TASK STATEMENT:
Reproduce the entries word for word but drop every picture.

RECORDS SUPPLIED:

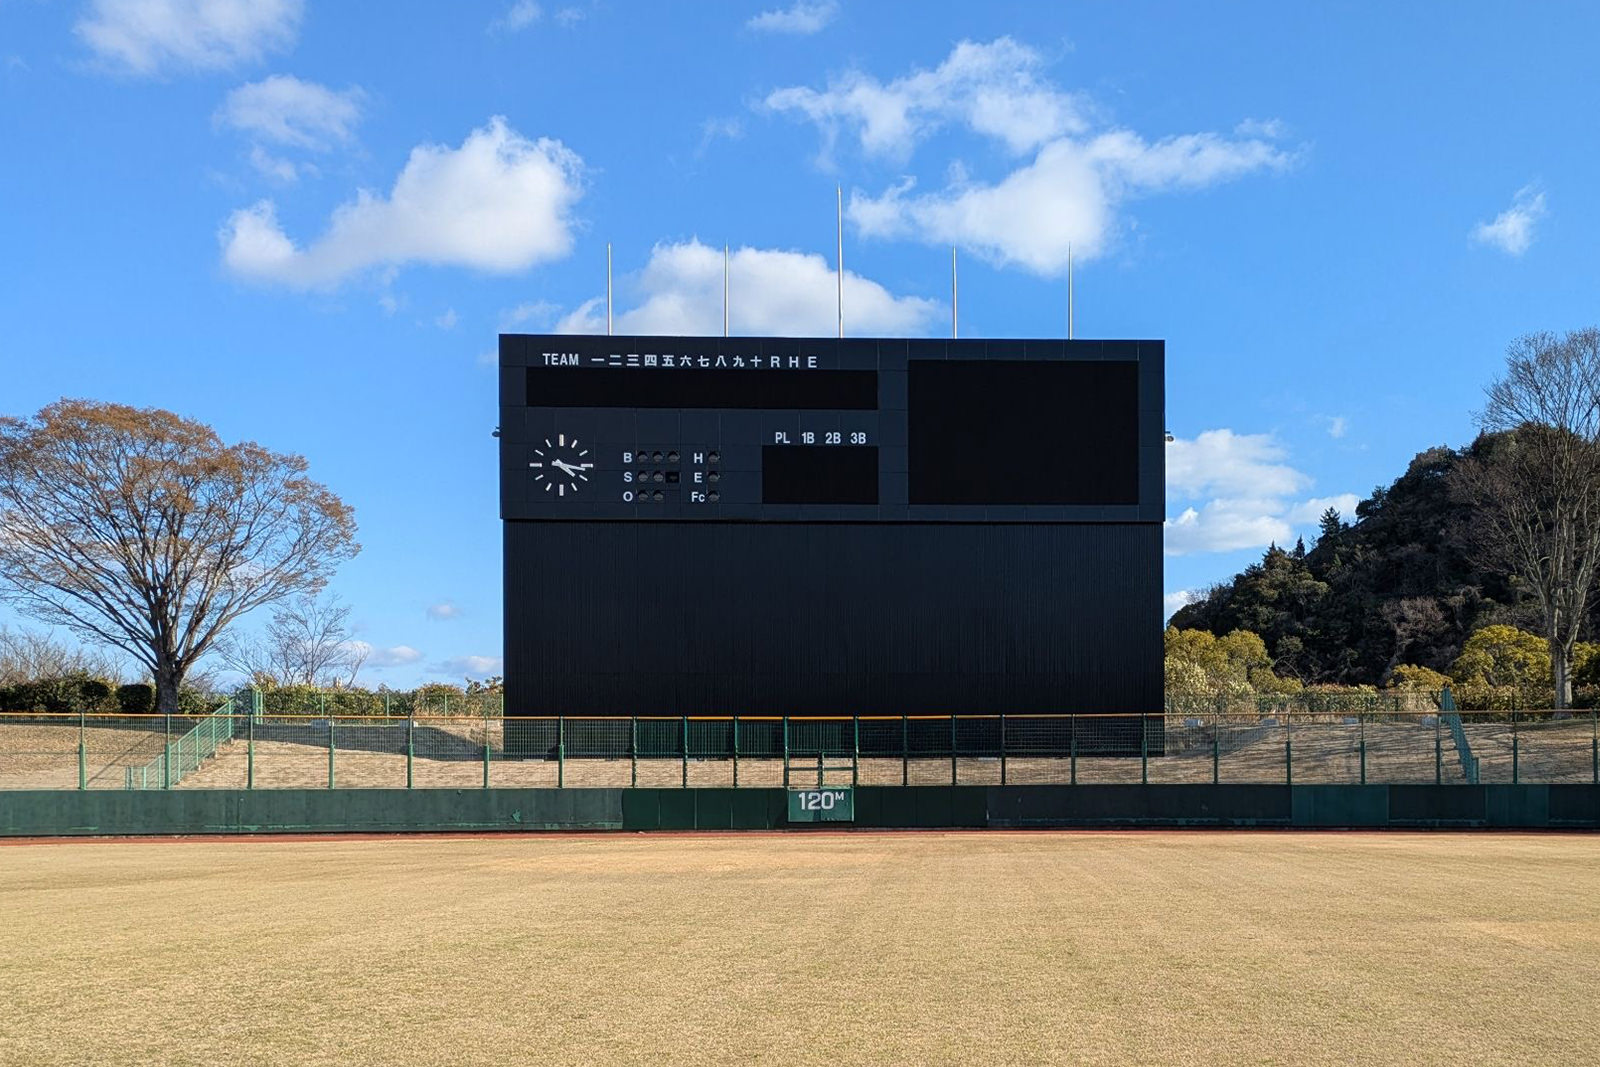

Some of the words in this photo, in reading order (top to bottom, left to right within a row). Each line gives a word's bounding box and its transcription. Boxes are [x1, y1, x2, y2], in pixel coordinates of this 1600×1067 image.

[542, 353, 579, 367] TEAM
[770, 355, 781, 368] R
[788, 355, 799, 368] H
[807, 355, 818, 369] E
[775, 431, 790, 444] PL
[801, 431, 815, 444] 1B
[825, 431, 842, 444] 2B
[850, 431, 867, 445] 3B
[623, 452, 633, 463] B
[693, 452, 703, 463] H
[623, 471, 633, 483] S
[694, 472, 703, 483] E
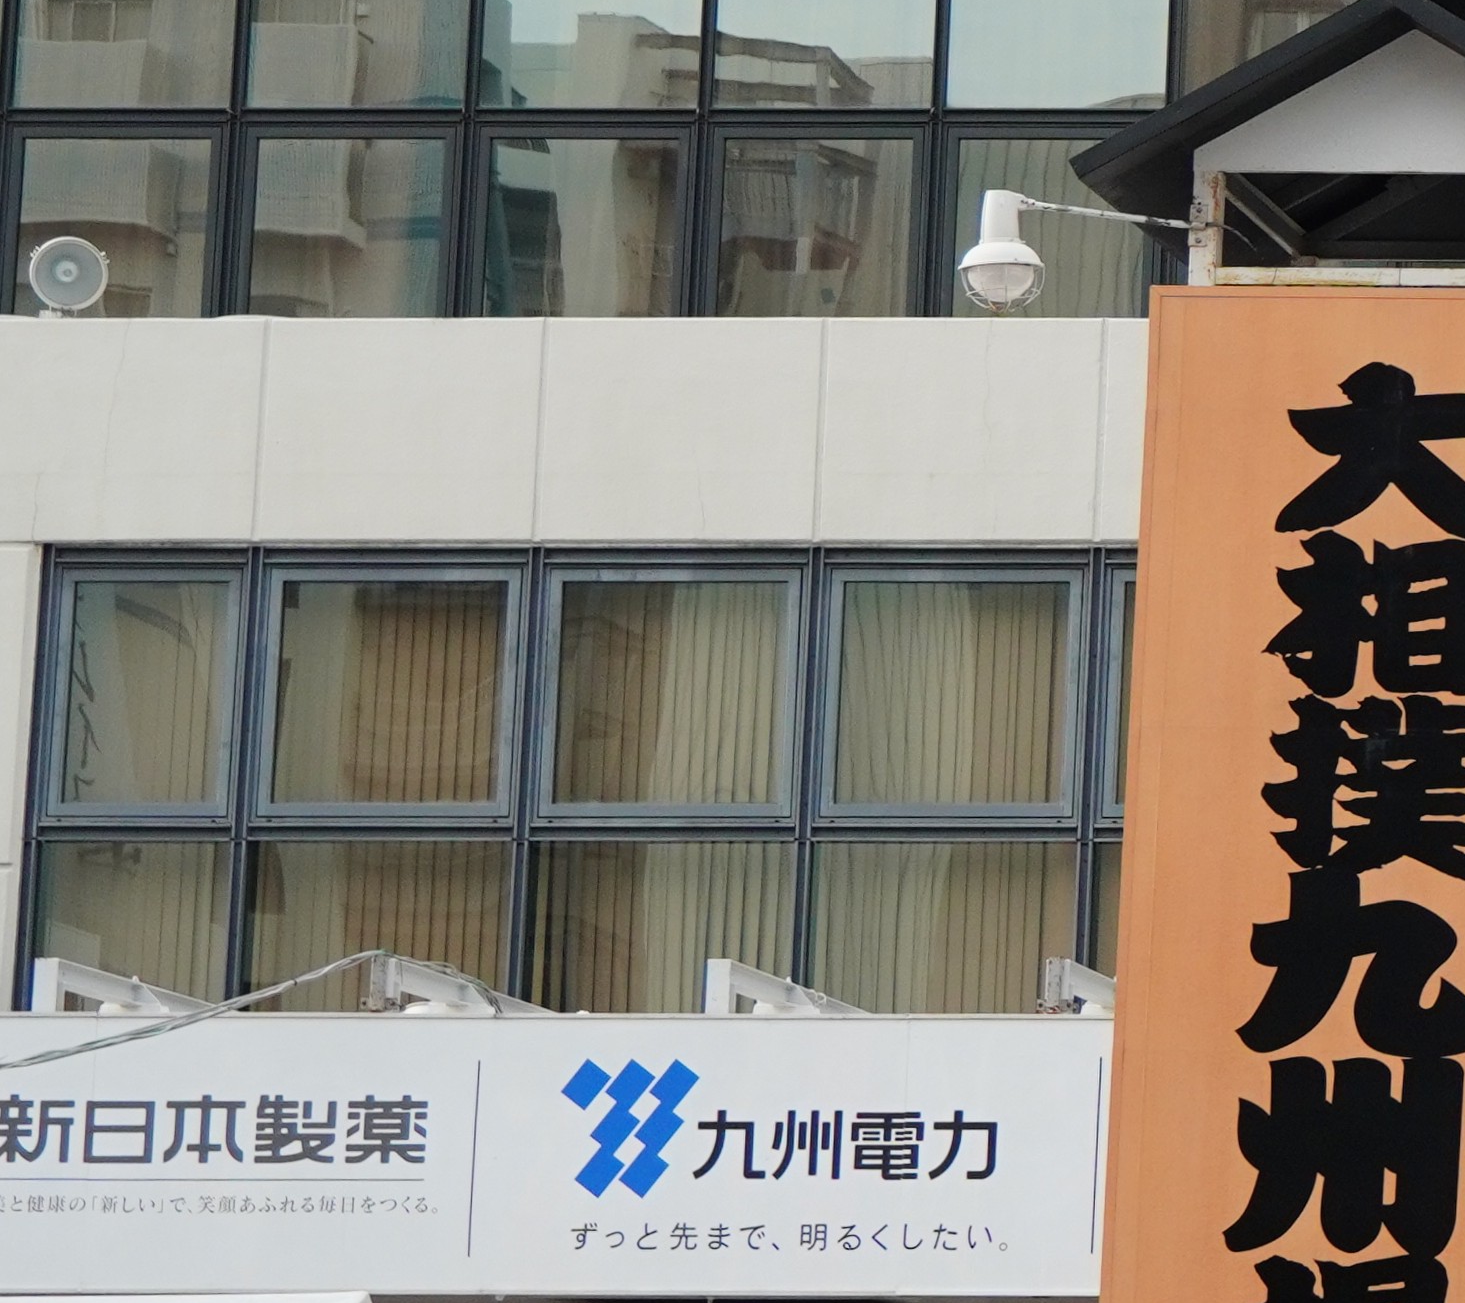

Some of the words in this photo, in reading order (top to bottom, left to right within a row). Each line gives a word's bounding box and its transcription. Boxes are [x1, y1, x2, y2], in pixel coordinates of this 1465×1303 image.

OUTPUT OF THE TASK:
Some of the words in this photo, in reading order (top to bottom, left to right within a row). Each line gives a word's bounding box and its transcription. Boxes are [x1, y1, x2, y2], in pixel coordinates of this 1600×1067 image.

[542, 353, 579, 367] TEAM
[770, 355, 781, 368] R
[788, 355, 799, 368] H
[807, 355, 818, 369] E
[775, 431, 790, 444] PL
[801, 431, 815, 444] 1B
[825, 431, 842, 444] 2B
[850, 431, 867, 445] 3B
[623, 452, 633, 463] B
[693, 452, 703, 463] H
[623, 471, 633, 483] S
[694, 472, 703, 483] E

Some of the words in this photo, in reading order (top to bottom, left to right within a row). Each line gives a word's bounding box and its transcription. Boxes are [x1, y1, x2, y2], in pixel coordinates of this 1465×1303 image.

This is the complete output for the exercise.